FOLDER 1: contained everything that was officially required for the visa + a cover letter and a contents page. 
This is what it contained:
- Cover letter - names, contact details etc
- Contents Page
- Form 47SP
- Form 80
- Stat Dec - Partner Visa (Applicant)
- Applicant's Medical Assessment
- Applicant's Proof of Identification (Passport, Driving Licence etc) and Two Passport Photos
- Applicant's Birth Certificate
- Applicant's UK Police Check
- Applicant's Australian Federal Police Check
- Applicant's University Degree
- Applicant's University Transcript (These were to back up the character assessment)
- Form 40SP
- Stat Dec - Partner Visa (Sponsor)
- Sponsor's Proof of Identification and Two Passport Photos
- Sponsors Birth Certificate
- 5 x Statutory Declarations From:
- Sponsor's former boss (Major in Australian Army)
- Applicant and Sponsor's former flatmate (verified I moved in on Jan 6th)
- Stat Dec's from both mother's
- Stat Dec from joint Australian friend

FOLDER 2: Contained all official supporting documents (Statements, Leases etc)

These were the contents:
- Contents Page
- NSW Registered Relationship Certificate (we got this because we were 2 weeks short of having lived together for a year in terms of officially sharing a lease)
- Australian Defence Force Defacto Application (Included bills, security clearances etc to have me recognised by the army)
- Sponsor's Will naming Applicant and Sole Benefactor
- Current Payslip of Sponsor (showing he is able to financially support throughout application)
- Sponsor's previous 3 years worth of tax returns
- Official letters to our shared address dated January 2012 (to show we were living together before I was officially put on the lease)
- Joint lease for apartment in 2012
- Joint lease for house for 2013-2014
- Joint Power and Water bills for 2012
- 2x Joint Bank Account Statements
- Joint Residential Phone Bill for Current Address
- 6x Sponsors Phone Bills from January 2011 until 2013 showing maintained contact
- Receipts showing furniture bought for current address
- Travel itineraries for trips taken (Flights, Ticket Stubs, Hotel Confirmations etc)

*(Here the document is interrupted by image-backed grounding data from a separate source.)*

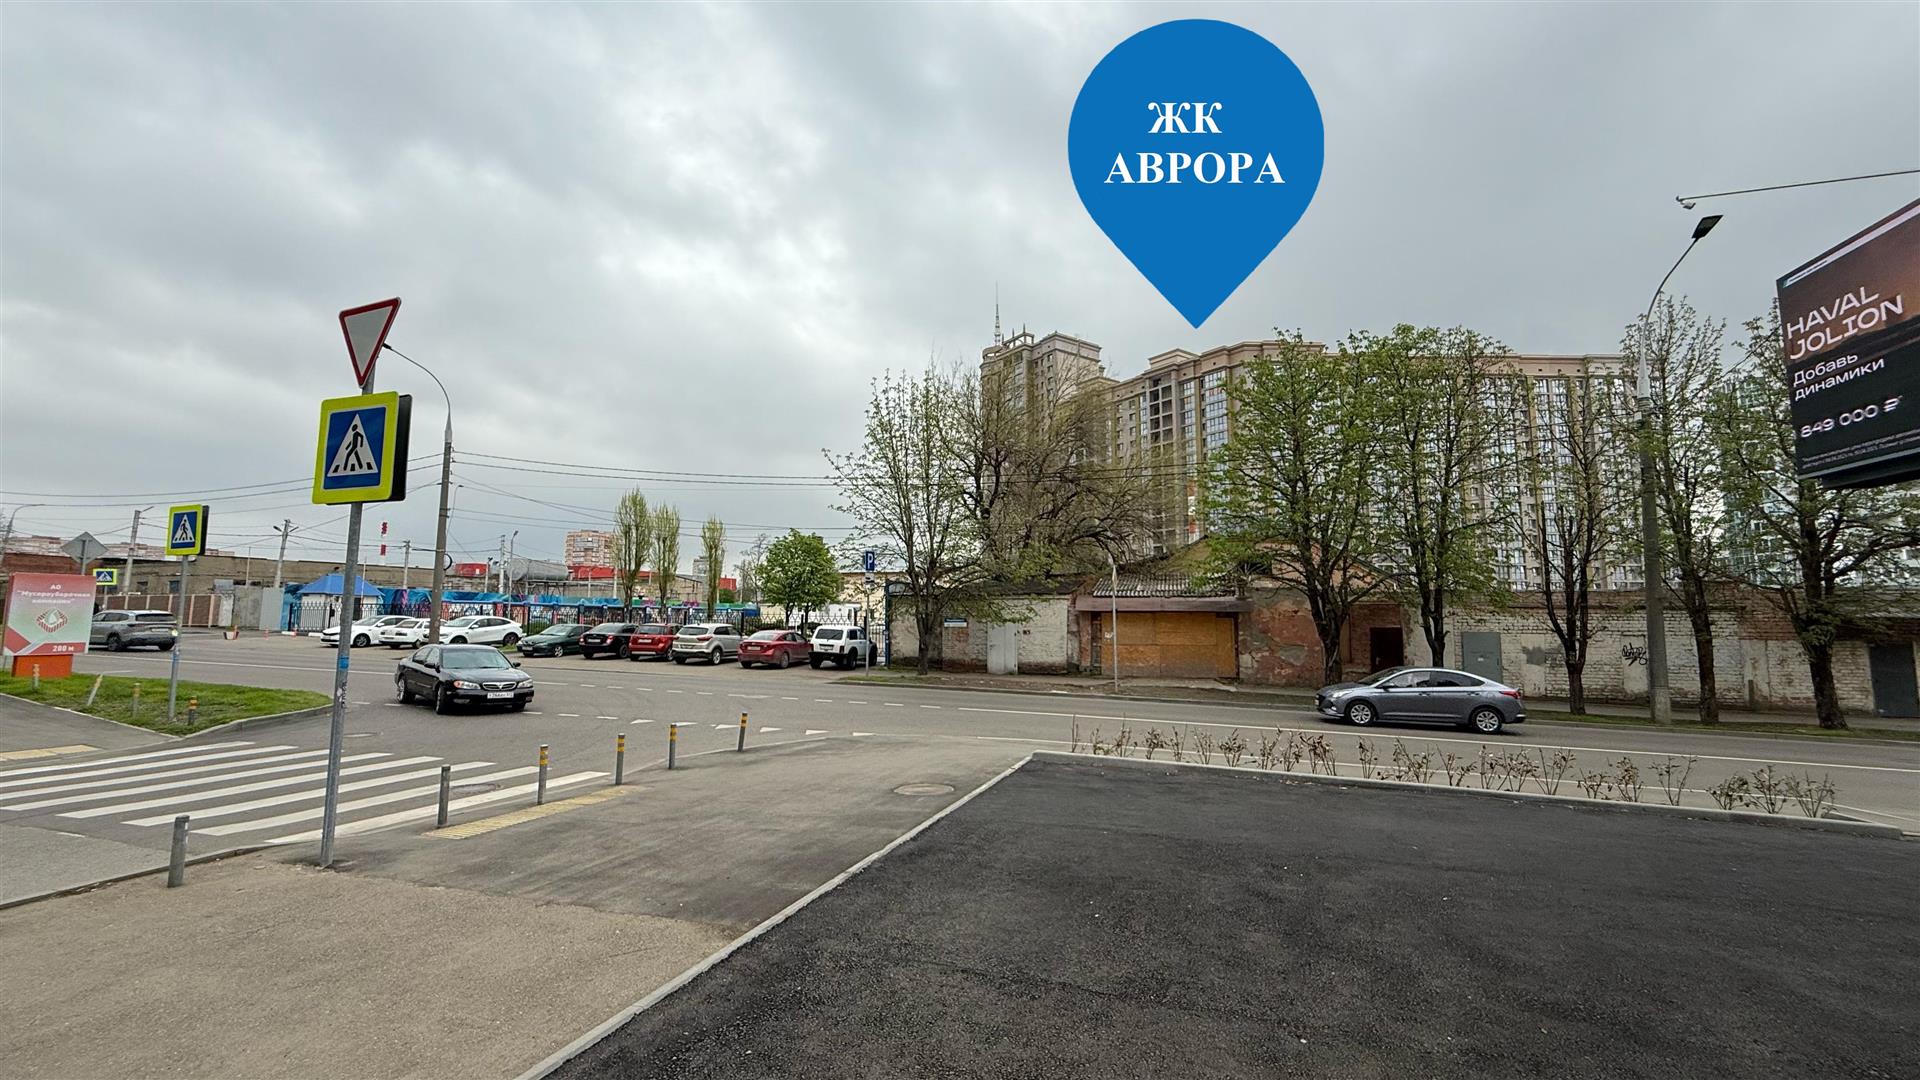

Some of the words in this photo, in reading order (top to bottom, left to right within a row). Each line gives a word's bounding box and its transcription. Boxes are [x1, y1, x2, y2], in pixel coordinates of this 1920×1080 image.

[1787, 286, 1880, 340] HAVAL
[1789, 294, 1904, 360] JOLION
[1793, 353, 1858, 387] Добавь
[1794, 357, 1885, 401] динамики
[1800, 418, 1835, 438] 849
[1839, 404, 1878, 426] 000

FOLDER 3: Contained all unofficial personal documents

These were the contents:
- Contents Page
- Approx 25 photos together, with our families, on trips, at formal events etc
- Evidence of Social Activities (Concert ticket stubs, new years events, musicals etc ALSO, photos of joint purchases mentioned in receipts, presents to each other)
- Personal Correspondence - letters written to each other during time spent apart, journal entries during partner's army deployment, birthday cards, valentines cards, anniversary etc
- We also included some funny bits and pieces such as a "Marriage Certificate" from an autowed machine that we got on New Years Eve - funny little things that you randomly get when you're in an actual relationship with someone

In terms of layout, labels were affixed to the front of each plastic pocket detailing the contents and, if needed, why we deemed it relevant. We also put two labels on the front of each folder stating which folder it was, what it contained (Official vs Unofficial Documents), and the names of Applicant and Sponsor (in case it went missing..).

The biggest thing that we wanted to make sure of was that all of our information fitted together seamlessly: What was detailed in our forms, matched both our stat decs and the stat decs provided by others; the travel itineraries matched the photos we included; ticket stubs matched social events that we mentioned etc.

We deliberately separated everything into different folders as immigration send back everything that isn't official. Folders 2 and 3 were returned to us the week after we applied; we thought that separating it this way would make it easier for them to see all of the information they had to keep and the information they just had to sift through.

We also made sure that everything in the first two folders was certified if they weren't originals (bills, leases, ID's, letters etc)

In terms of the supporting stat decs (Form 888), we went for two professional and impartial people as the main two and three supporting ones from friends and family. 

The medical was done when all of the information we wanted to include had been gathered so it could be couriered the day after the medical was returned. The medical was returned after a week in a sealed envelope which we included in Folder 1. We put all three folders into a plastic "Translucent File A4 50mm" (again from Officeworks), and sent it via Express Post to the Sydney office.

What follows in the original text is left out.